Problem details: Retype the data exactly. Spelling and punctuation stay as they are.

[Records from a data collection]
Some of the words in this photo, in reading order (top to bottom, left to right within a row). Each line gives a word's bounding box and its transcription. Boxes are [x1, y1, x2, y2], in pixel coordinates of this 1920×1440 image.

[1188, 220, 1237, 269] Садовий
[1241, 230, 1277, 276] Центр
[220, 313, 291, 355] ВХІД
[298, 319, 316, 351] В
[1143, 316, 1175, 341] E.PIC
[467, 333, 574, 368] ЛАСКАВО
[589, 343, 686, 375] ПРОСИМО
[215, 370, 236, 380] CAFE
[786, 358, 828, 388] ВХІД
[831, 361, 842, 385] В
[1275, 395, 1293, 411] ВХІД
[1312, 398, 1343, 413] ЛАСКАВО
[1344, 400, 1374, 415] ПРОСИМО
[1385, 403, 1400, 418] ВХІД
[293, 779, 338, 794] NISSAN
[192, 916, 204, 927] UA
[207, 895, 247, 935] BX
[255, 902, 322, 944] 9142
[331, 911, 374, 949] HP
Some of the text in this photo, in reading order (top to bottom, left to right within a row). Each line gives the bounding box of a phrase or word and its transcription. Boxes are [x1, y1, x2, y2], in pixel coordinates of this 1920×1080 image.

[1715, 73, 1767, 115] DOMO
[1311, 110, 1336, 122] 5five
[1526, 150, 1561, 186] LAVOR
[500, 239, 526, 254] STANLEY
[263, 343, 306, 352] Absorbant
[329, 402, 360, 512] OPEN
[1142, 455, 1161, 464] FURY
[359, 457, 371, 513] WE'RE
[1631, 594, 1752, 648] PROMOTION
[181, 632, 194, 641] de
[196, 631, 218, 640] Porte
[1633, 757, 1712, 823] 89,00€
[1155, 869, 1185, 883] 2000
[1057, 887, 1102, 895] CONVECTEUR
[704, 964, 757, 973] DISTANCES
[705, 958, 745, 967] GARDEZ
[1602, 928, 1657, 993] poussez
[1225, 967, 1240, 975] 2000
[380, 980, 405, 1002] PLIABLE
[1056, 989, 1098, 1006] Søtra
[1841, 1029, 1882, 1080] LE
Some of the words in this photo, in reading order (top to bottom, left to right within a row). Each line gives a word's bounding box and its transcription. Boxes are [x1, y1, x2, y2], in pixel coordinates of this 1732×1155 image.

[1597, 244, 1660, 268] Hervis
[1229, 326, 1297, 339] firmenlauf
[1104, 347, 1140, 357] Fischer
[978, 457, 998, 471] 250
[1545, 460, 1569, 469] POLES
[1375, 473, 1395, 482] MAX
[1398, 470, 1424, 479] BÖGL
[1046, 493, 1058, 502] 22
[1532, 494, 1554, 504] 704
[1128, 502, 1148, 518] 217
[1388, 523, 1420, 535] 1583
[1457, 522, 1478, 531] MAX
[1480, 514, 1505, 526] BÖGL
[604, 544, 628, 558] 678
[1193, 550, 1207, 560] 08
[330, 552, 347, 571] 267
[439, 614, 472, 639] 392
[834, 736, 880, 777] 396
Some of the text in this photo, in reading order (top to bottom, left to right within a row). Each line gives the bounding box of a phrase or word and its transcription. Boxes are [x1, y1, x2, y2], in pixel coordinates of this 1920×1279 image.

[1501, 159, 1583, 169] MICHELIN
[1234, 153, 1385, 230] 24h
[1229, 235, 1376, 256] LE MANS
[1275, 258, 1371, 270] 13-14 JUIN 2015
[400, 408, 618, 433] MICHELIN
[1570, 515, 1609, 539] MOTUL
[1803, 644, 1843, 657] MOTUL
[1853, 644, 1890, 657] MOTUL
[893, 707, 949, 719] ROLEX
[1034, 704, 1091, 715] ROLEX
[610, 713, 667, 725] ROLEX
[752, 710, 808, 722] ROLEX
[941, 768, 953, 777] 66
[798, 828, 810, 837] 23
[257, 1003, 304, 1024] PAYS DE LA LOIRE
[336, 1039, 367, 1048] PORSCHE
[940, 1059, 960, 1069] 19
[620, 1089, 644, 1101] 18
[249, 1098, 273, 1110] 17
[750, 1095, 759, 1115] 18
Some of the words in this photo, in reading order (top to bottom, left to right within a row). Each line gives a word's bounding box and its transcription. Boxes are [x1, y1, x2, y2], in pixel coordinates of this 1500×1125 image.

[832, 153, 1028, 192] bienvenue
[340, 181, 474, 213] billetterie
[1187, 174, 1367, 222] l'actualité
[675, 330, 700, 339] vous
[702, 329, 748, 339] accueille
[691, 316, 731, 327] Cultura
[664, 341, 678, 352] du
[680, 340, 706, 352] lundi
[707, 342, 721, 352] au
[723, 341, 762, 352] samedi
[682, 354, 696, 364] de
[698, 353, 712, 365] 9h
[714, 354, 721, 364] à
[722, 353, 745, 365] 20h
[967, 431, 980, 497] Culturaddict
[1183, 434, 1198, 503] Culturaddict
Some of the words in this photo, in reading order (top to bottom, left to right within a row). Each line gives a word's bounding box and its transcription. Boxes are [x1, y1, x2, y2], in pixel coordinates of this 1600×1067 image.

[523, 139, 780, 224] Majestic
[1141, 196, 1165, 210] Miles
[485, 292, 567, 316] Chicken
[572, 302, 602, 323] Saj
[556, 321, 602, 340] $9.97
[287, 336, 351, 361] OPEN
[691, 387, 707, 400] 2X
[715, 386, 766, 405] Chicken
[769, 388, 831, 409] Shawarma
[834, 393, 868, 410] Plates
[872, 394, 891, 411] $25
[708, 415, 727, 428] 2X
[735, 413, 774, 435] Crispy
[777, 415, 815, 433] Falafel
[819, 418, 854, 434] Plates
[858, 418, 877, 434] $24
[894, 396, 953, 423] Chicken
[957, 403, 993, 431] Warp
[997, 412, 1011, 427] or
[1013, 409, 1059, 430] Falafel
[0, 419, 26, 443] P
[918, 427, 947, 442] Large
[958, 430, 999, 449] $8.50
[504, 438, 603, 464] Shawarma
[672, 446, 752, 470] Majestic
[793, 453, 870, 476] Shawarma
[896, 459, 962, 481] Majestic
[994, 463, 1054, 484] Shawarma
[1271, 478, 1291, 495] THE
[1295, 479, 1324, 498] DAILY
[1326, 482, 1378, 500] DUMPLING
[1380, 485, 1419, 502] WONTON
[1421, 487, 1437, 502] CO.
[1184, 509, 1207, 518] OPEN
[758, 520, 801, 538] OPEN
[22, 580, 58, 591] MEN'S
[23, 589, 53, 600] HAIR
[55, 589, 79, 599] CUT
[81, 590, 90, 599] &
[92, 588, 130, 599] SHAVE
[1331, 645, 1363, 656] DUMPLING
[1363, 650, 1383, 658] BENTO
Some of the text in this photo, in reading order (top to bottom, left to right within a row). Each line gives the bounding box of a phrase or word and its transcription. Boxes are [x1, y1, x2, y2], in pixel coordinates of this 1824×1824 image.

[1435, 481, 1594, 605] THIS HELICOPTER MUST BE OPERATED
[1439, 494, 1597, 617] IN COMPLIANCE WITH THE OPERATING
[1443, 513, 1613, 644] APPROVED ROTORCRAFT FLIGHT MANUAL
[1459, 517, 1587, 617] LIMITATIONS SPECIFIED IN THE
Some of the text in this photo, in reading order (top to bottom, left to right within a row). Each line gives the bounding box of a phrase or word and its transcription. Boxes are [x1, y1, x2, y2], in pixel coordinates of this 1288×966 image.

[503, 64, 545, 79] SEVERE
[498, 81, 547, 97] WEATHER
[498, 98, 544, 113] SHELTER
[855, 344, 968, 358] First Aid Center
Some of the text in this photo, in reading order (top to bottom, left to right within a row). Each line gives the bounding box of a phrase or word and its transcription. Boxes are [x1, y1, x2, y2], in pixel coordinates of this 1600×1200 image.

Result for this task:
Some of the words in this photo, in reading order (top to bottom, left to right within a row). Each line gives a word's bounding box and its transcription. Boxes are [x1, y1, x2, y2], in pixel coordinates of this 1920×1440 image.

[1188, 220, 1237, 269] Садовий
[1241, 230, 1277, 276] Центр
[220, 313, 291, 355] ВХІД
[298, 319, 316, 351] В
[1143, 316, 1175, 341] E.PIC
[467, 333, 574, 368] ЛАСКАВО
[589, 343, 686, 375] ПРОСИМО
[215, 370, 236, 380] CAFE
[786, 358, 828, 388] ВХІД
[831, 361, 842, 385] В
[1275, 395, 1293, 411] ВХІД
[1312, 398, 1343, 413] ЛАСКАВО
[1344, 400, 1374, 415] ПРОСИМО
[1385, 403, 1400, 418] ВХІД
[293, 779, 338, 794] NISSAN
[192, 916, 204, 927] UA
[207, 895, 247, 935] BX
[255, 902, 322, 944] 9142
[331, 911, 374, 949] HP
Some of the text in this photo, in reading order (top to bottom, left to right within a row). Each line gives the bounding box of a phrase or word and its transcription. Boxes are [x1, y1, x2, y2], in pixel coordinates of this 1920×1080 image.

[1715, 73, 1767, 115] DOMO
[1311, 110, 1336, 122] 5five
[1526, 150, 1561, 186] LAVOR
[500, 239, 526, 254] STANLEY
[263, 343, 306, 352] Absorbant
[329, 402, 360, 512] OPEN
[1142, 455, 1161, 464] FURY
[359, 457, 371, 513] WE'RE
[1631, 594, 1752, 648] PROMOTION
[181, 632, 194, 641] de
[196, 631, 218, 640] Porte
[1633, 757, 1712, 823] 89,00€
[1155, 869, 1185, 883] 2000
[1057, 887, 1102, 895] CONVECTEUR
[704, 964, 757, 973] DISTANCES
[705, 958, 745, 967] GARDEZ
[1602, 928, 1657, 993] poussez
[1225, 967, 1240, 975] 2000
[380, 980, 405, 1002] PLIABLE
[1056, 989, 1098, 1006] Søtra
[1841, 1029, 1882, 1080] LE
Some of the words in this photo, in reading order (top to bottom, left to right within a row). Each line gives a word's bounding box and its transcription. Boxes are [x1, y1, x2, y2], in pixel coordinates of this 1732×1155 image.

[1597, 244, 1660, 268] Hervis
[1229, 326, 1297, 339] firmenlauf
[1104, 347, 1140, 357] Fischer
[978, 457, 998, 471] 250
[1545, 460, 1569, 469] POLES
[1375, 473, 1395, 482] MAX
[1398, 470, 1424, 479] BÖGL
[1046, 493, 1058, 502] 22
[1532, 494, 1554, 504] 704
[1128, 502, 1148, 518] 217
[1388, 523, 1420, 535] 1583
[1457, 522, 1478, 531] MAX
[1480, 514, 1505, 526] BÖGL
[604, 544, 628, 558] 678
[1193, 550, 1207, 560] 08
[330, 552, 347, 571] 267
[439, 614, 472, 639] 392
[834, 736, 880, 777] 396
Some of the text in this photo, in reading order (top to bottom, left to right within a row). Each line gives the bounding box of a phrase or word and its transcription. Boxes are [x1, y1, x2, y2], in pixel coordinates of this 1920×1279 image.

[1501, 159, 1583, 169] MICHELIN
[1234, 153, 1385, 230] 24h
[1229, 235, 1376, 256] LE MANS
[1275, 258, 1371, 270] 13-14 JUIN 2015
[400, 408, 618, 433] MICHELIN
[1570, 515, 1609, 539] MOTUL
[1803, 644, 1843, 657] MOTUL
[1853, 644, 1890, 657] MOTUL
[893, 707, 949, 719] ROLEX
[1034, 704, 1091, 715] ROLEX
[610, 713, 667, 725] ROLEX
[752, 710, 808, 722] ROLEX
[941, 768, 953, 777] 66
[798, 828, 810, 837] 23
[257, 1003, 304, 1024] PAYS DE LA LOIRE
[336, 1039, 367, 1048] PORSCHE
[940, 1059, 960, 1069] 19
[620, 1089, 644, 1101] 18
[249, 1098, 273, 1110] 17
[750, 1095, 759, 1115] 18
Some of the words in this photo, in reading order (top to bottom, left to right within a row). Each line gives a word's bounding box and its transcription. Boxes are [x1, y1, x2, y2], in pixel coordinates of this 1500×1125 image.

[832, 153, 1028, 192] bienvenue
[340, 181, 474, 213] billetterie
[1187, 174, 1367, 222] l'actualité
[675, 330, 700, 339] vous
[702, 329, 748, 339] accueille
[691, 316, 731, 327] Cultura
[664, 341, 678, 352] du
[680, 340, 706, 352] lundi
[707, 342, 721, 352] au
[723, 341, 762, 352] samedi
[682, 354, 696, 364] de
[698, 353, 712, 365] 9h
[714, 354, 721, 364] à
[722, 353, 745, 365] 20h
[967, 431, 980, 497] Culturaddict
[1183, 434, 1198, 503] Culturaddict
Some of the words in this photo, in reading order (top to bottom, left to right within a row). Each line gives a word's bounding box and its transcription. Boxes are [x1, y1, x2, y2], in pixel coordinates of this 1600×1067 image.

[523, 139, 780, 224] Majestic
[1141, 196, 1165, 210] Miles
[485, 292, 567, 316] Chicken
[572, 302, 602, 323] Saj
[556, 321, 602, 340] $9.97
[287, 336, 351, 361] OPEN
[691, 387, 707, 400] 2X
[715, 386, 766, 405] Chicken
[769, 388, 831, 409] Shawarma
[834, 393, 868, 410] Plates
[872, 394, 891, 411] $25
[708, 415, 727, 428] 2X
[735, 413, 774, 435] Crispy
[777, 415, 815, 433] Falafel
[819, 418, 854, 434] Plates
[858, 418, 877, 434] $24
[894, 396, 953, 423] Chicken
[957, 403, 993, 431] Warp
[997, 412, 1011, 427] or
[1013, 409, 1059, 430] Falafel
[0, 419, 26, 443] P
[918, 427, 947, 442] Large
[958, 430, 999, 449] $8.50
[504, 438, 603, 464] Shawarma
[672, 446, 752, 470] Majestic
[793, 453, 870, 476] Shawarma
[896, 459, 962, 481] Majestic
[994, 463, 1054, 484] Shawarma
[1271, 478, 1291, 495] THE
[1295, 479, 1324, 498] DAILY
[1326, 482, 1378, 500] DUMPLING
[1380, 485, 1419, 502] WONTON
[1421, 487, 1437, 502] CO.
[1184, 509, 1207, 518] OPEN
[758, 520, 801, 538] OPEN
[22, 580, 58, 591] MEN'S
[23, 589, 53, 600] HAIR
[55, 589, 79, 599] CUT
[81, 590, 90, 599] &
[92, 588, 130, 599] SHAVE
[1331, 645, 1363, 656] DUMPLING
[1363, 650, 1383, 658] BENTO
Some of the text in this photo, in reading order (top to bottom, left to right within a row). Each line gives the bounding box of a phrase or word and its transcription. Boxes are [x1, y1, x2, y2], in pixel coordinates of this 1824×1824 image.

[1435, 481, 1594, 605] THIS HELICOPTER MUST BE OPERATED
[1439, 494, 1597, 617] IN COMPLIANCE WITH THE OPERATING
[1443, 513, 1613, 644] APPROVED ROTORCRAFT FLIGHT MANUAL
[1459, 517, 1587, 617] LIMITATIONS SPECIFIED IN THE
Some of the text in this photo, in reading order (top to bottom, left to right within a row). Each line gives the bounding box of a phrase or word and its transcription. Boxes are [x1, y1, x2, y2], in pixel coordinates of this 1288×966 image.

[503, 64, 545, 79] SEVERE
[498, 81, 547, 97] WEATHER
[498, 98, 544, 113] SHELTER
[855, 344, 968, 358] First Aid Center
Some of the text in this photo, in reading order (top to bottom, left to right within a row). Each line gives the bounding box of a phrase or word and its transcription. Boxes are [x1, y1, x2, y2], in pixel coordinates of this 1600×1200 image.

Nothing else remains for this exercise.